=== Recorded information ===
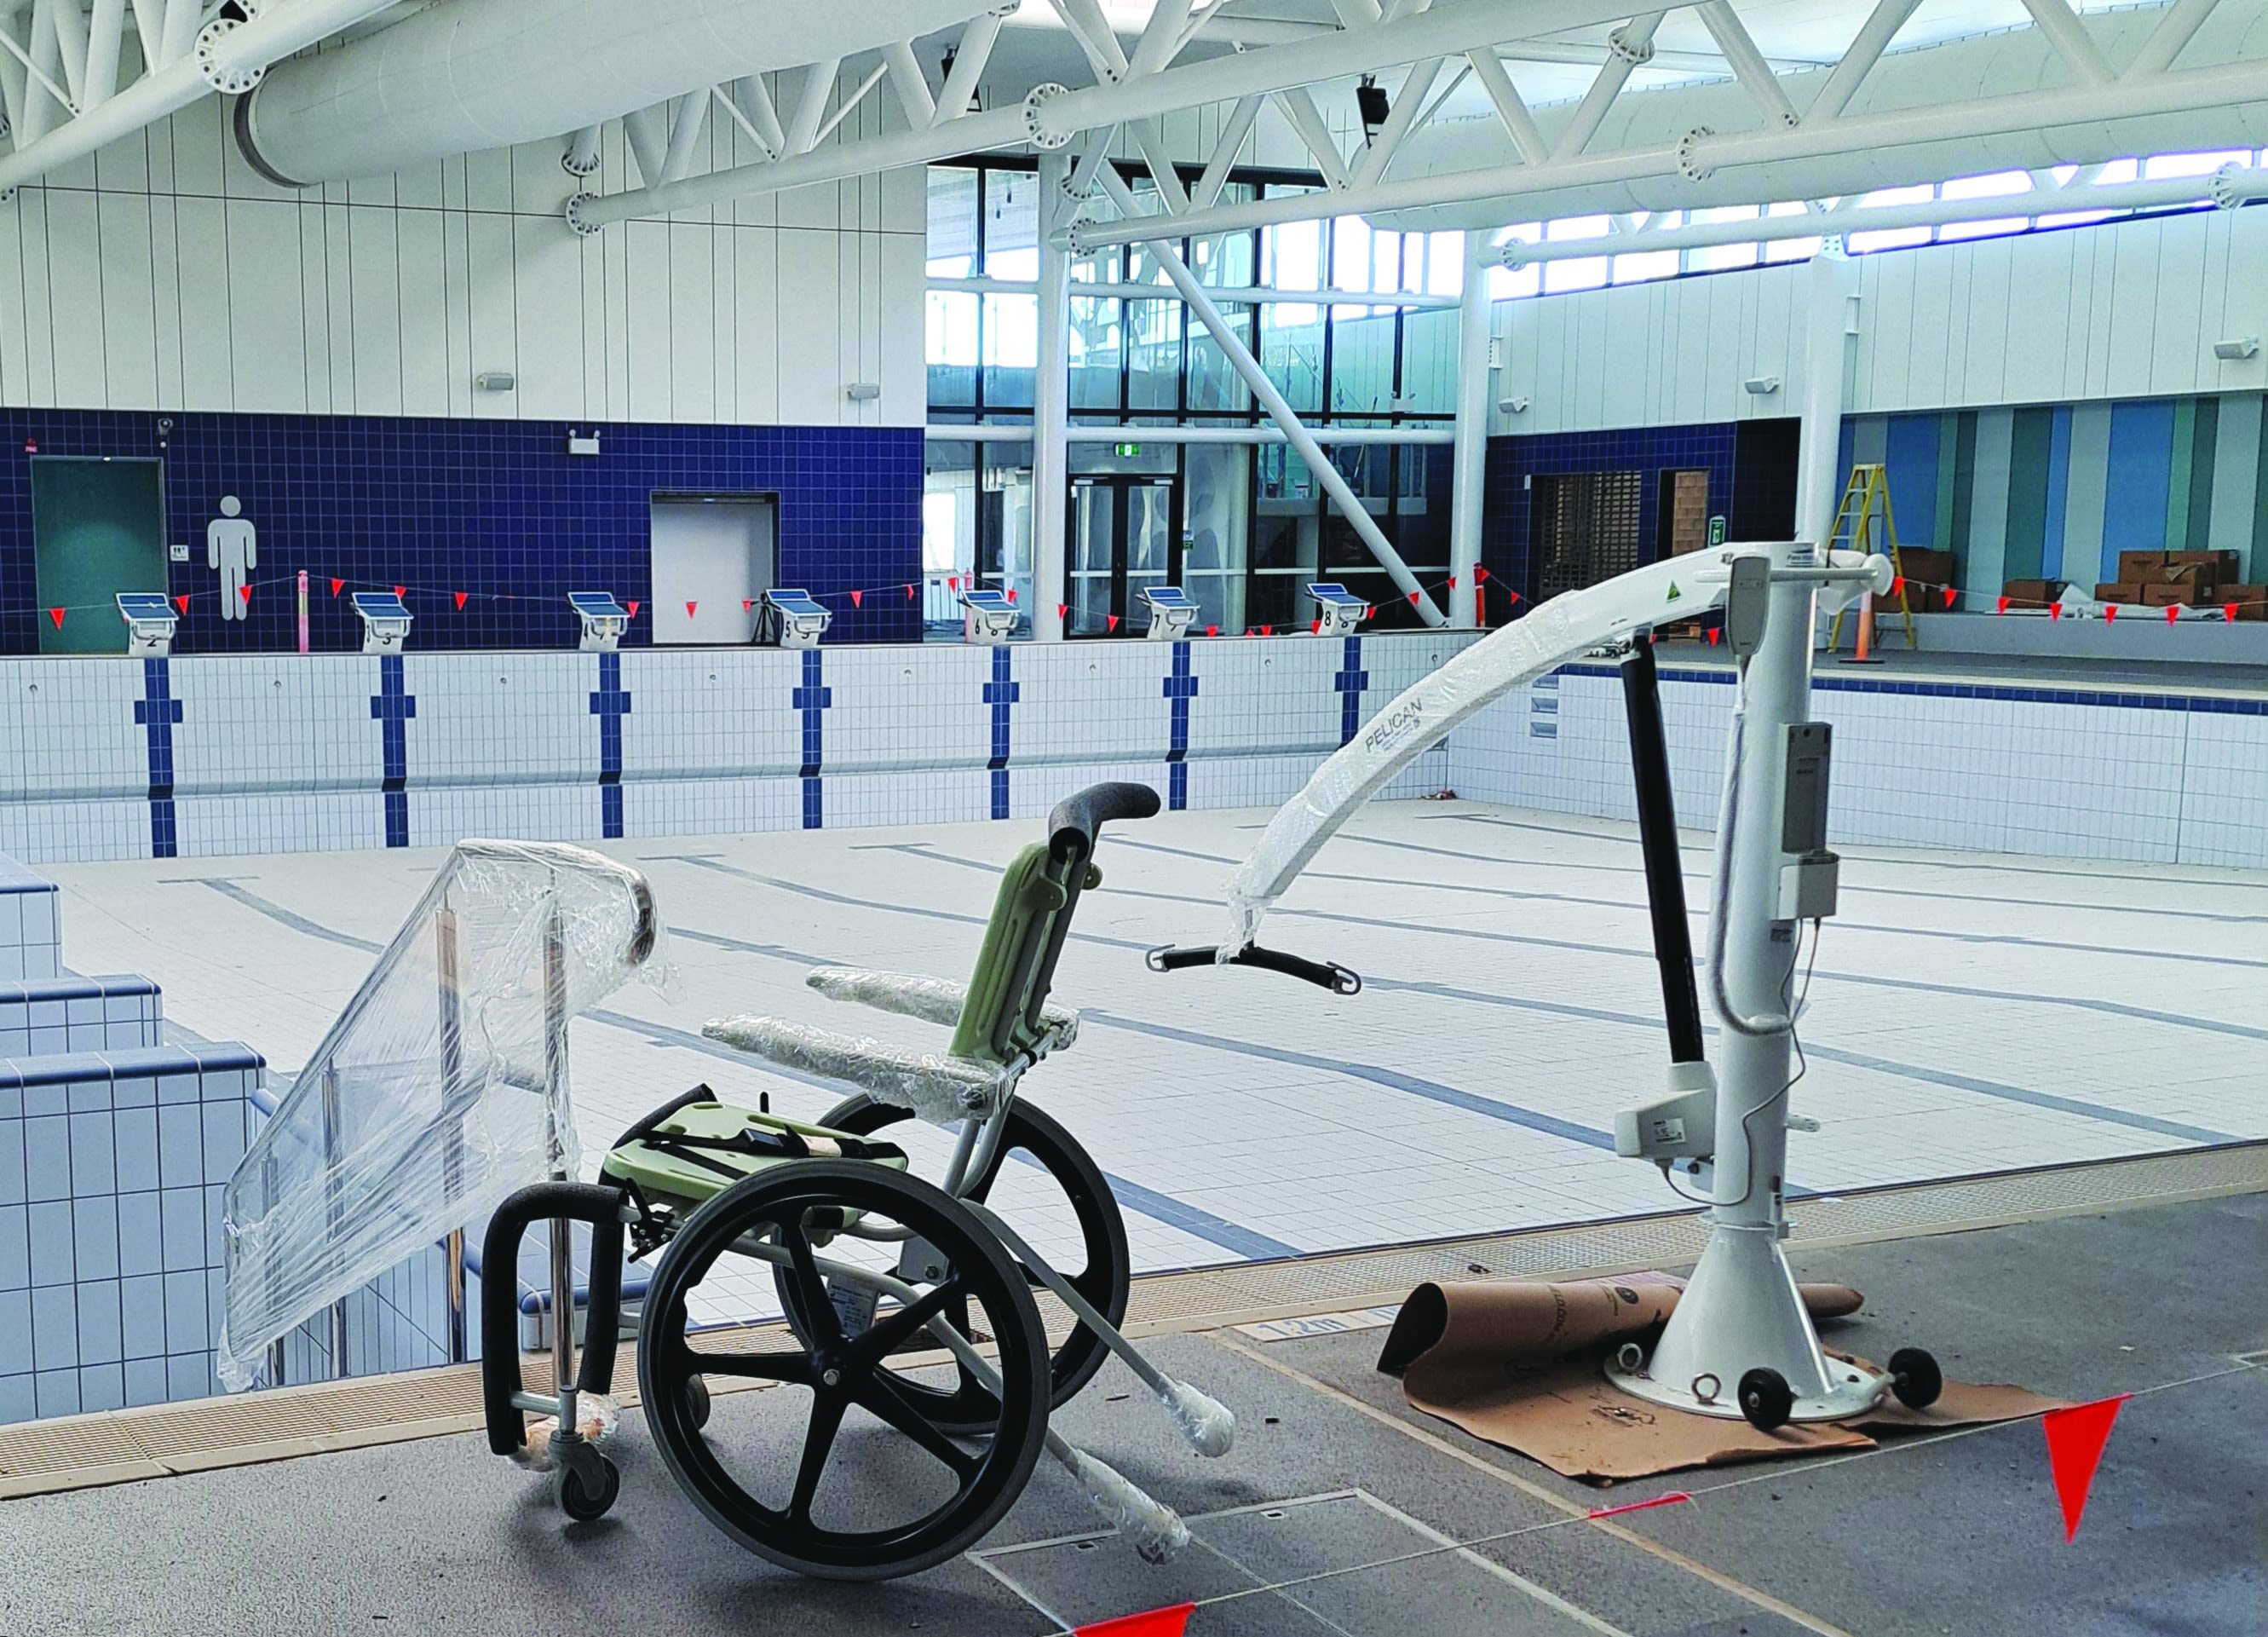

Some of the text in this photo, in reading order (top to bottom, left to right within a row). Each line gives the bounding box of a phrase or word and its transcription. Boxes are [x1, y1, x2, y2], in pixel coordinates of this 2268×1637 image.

[975, 618, 981, 635] 6
[1154, 614, 1160, 631] 7
[1324, 610, 1332, 627] 8
[786, 620, 791, 638] 5
[1365, 697, 1423, 753] PELICAN
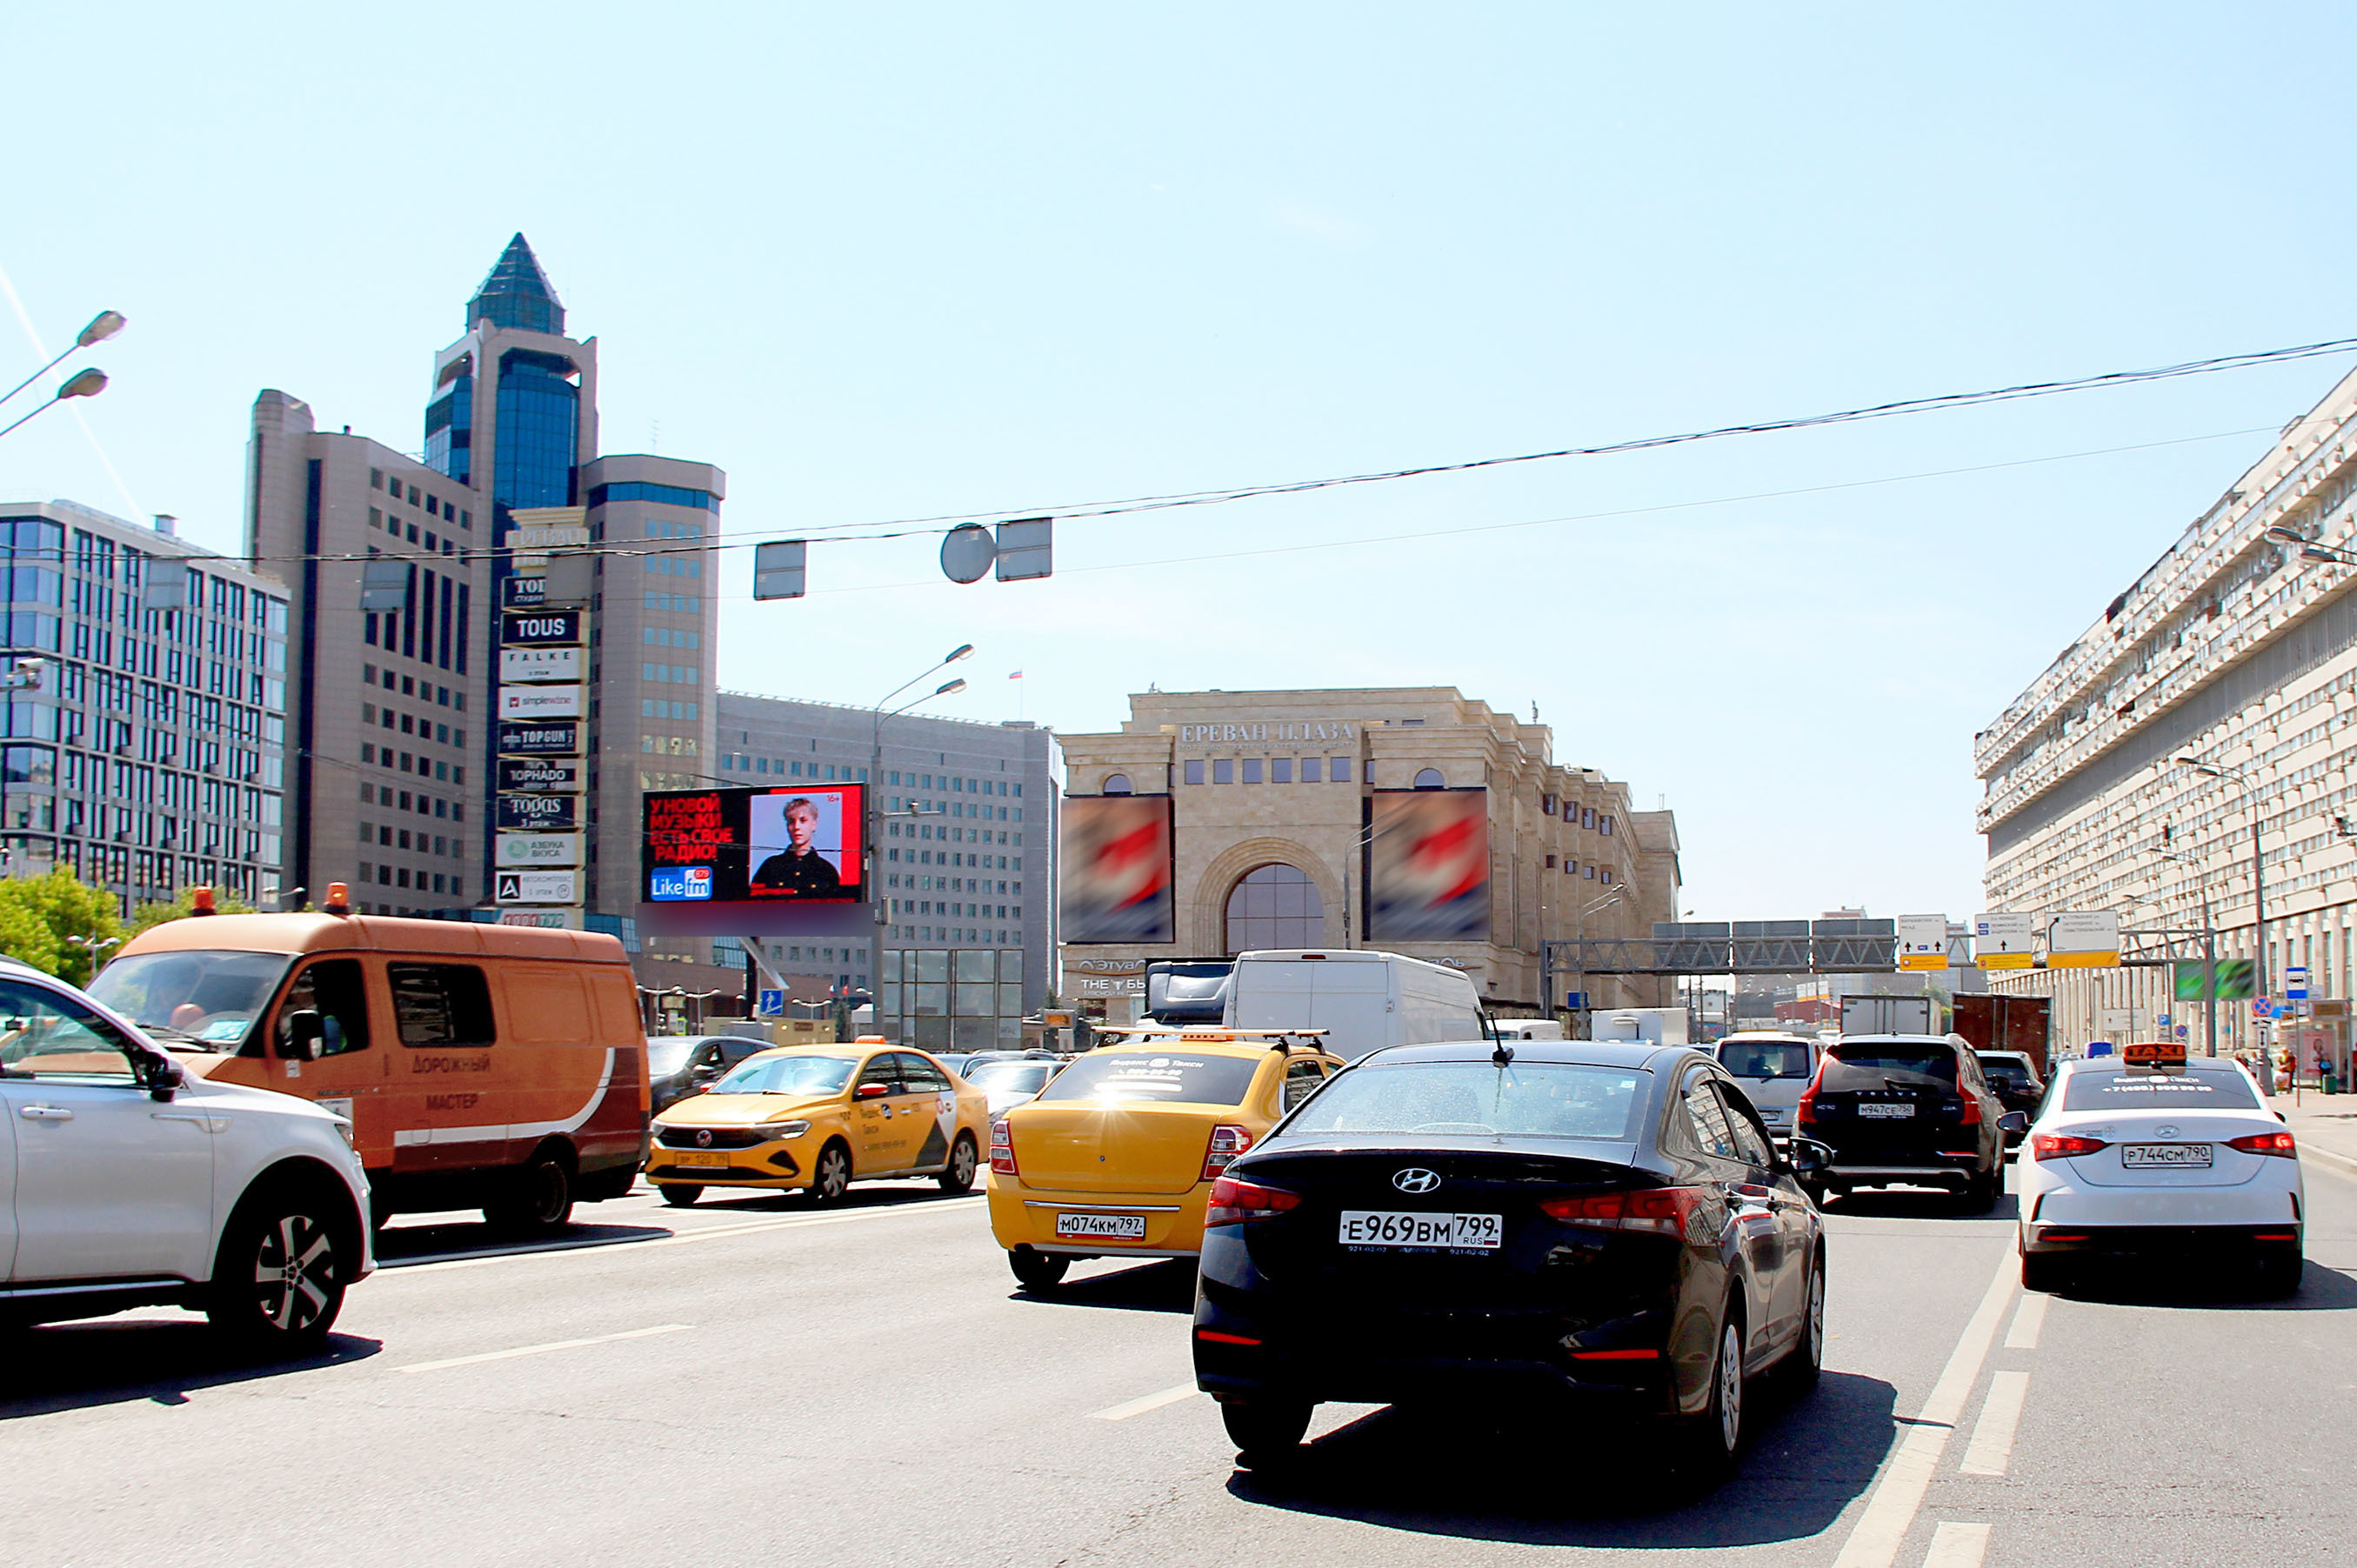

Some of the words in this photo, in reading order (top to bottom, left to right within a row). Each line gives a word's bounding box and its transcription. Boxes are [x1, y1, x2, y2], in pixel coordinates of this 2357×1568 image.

[517, 618, 565, 637] TOUS
[510, 651, 571, 662] FALKE
[1182, 724, 1267, 743] ЕРЕВАН
[1279, 722, 1353, 740] ПЛАЗА
[663, 793, 721, 813] НОВОЙ
[649, 812, 722, 830] МУЗЫКИ
[649, 830, 691, 845] ЕСТЬ
[655, 844, 718, 863] РАДИО!
[651, 873, 684, 896] Like
[1080, 979, 1110, 990] THE
[2127, 1045, 2185, 1057] TAXI
[412, 1054, 491, 1074] ДОРОЖНЫЙ
[425, 1093, 478, 1111] МАСТЕР
[2127, 1147, 2184, 1162] Р744СМ
[2185, 1146, 2208, 1158] 790
[1061, 1216, 1117, 1233] М074КМ
[1118, 1218, 1140, 1230] 797
[1348, 1214, 1452, 1243] Е969ВМ
[1455, 1216, 1495, 1237] 799
[1462, 1237, 1483, 1245] RUS

=== What you are asked to do ===
Give back the material above exactly as it appears, minus any picture.

=== Output for this exercise ===
Some of the text in this photo, in reading order (top to bottom, left to right within a row). Each line gives the bounding box of a phrase or word and its transcription. Boxes are [x1, y1, x2, y2], in pixel coordinates of this 2268×1637 image.

[975, 618, 981, 635] 6
[1154, 614, 1160, 631] 7
[1324, 610, 1332, 627] 8
[786, 620, 791, 638] 5
[1365, 697, 1423, 753] PELICAN

Some of the words in this photo, in reading order (top to bottom, left to right within a row). Each line gives a word's bounding box and its transcription. Boxes are [x1, y1, x2, y2], in pixel coordinates of this 2357×1568 image.

[517, 618, 565, 637] TOUS
[510, 651, 571, 662] FALKE
[1182, 724, 1267, 743] ЕРЕВАН
[1279, 722, 1353, 740] ПЛАЗА
[663, 793, 721, 813] НОВОЙ
[649, 812, 722, 830] МУЗЫКИ
[649, 830, 691, 845] ЕСТЬ
[655, 844, 718, 863] РАДИО!
[651, 873, 684, 896] Like
[1080, 979, 1110, 990] THE
[2127, 1045, 2185, 1057] TAXI
[412, 1054, 491, 1074] ДОРОЖНЫЙ
[425, 1093, 478, 1111] МАСТЕР
[2127, 1147, 2184, 1162] Р744СМ
[2185, 1146, 2208, 1158] 790
[1061, 1216, 1117, 1233] М074КМ
[1118, 1218, 1140, 1230] 797
[1348, 1214, 1452, 1243] Е969ВМ
[1455, 1216, 1495, 1237] 799
[1462, 1237, 1483, 1245] RUS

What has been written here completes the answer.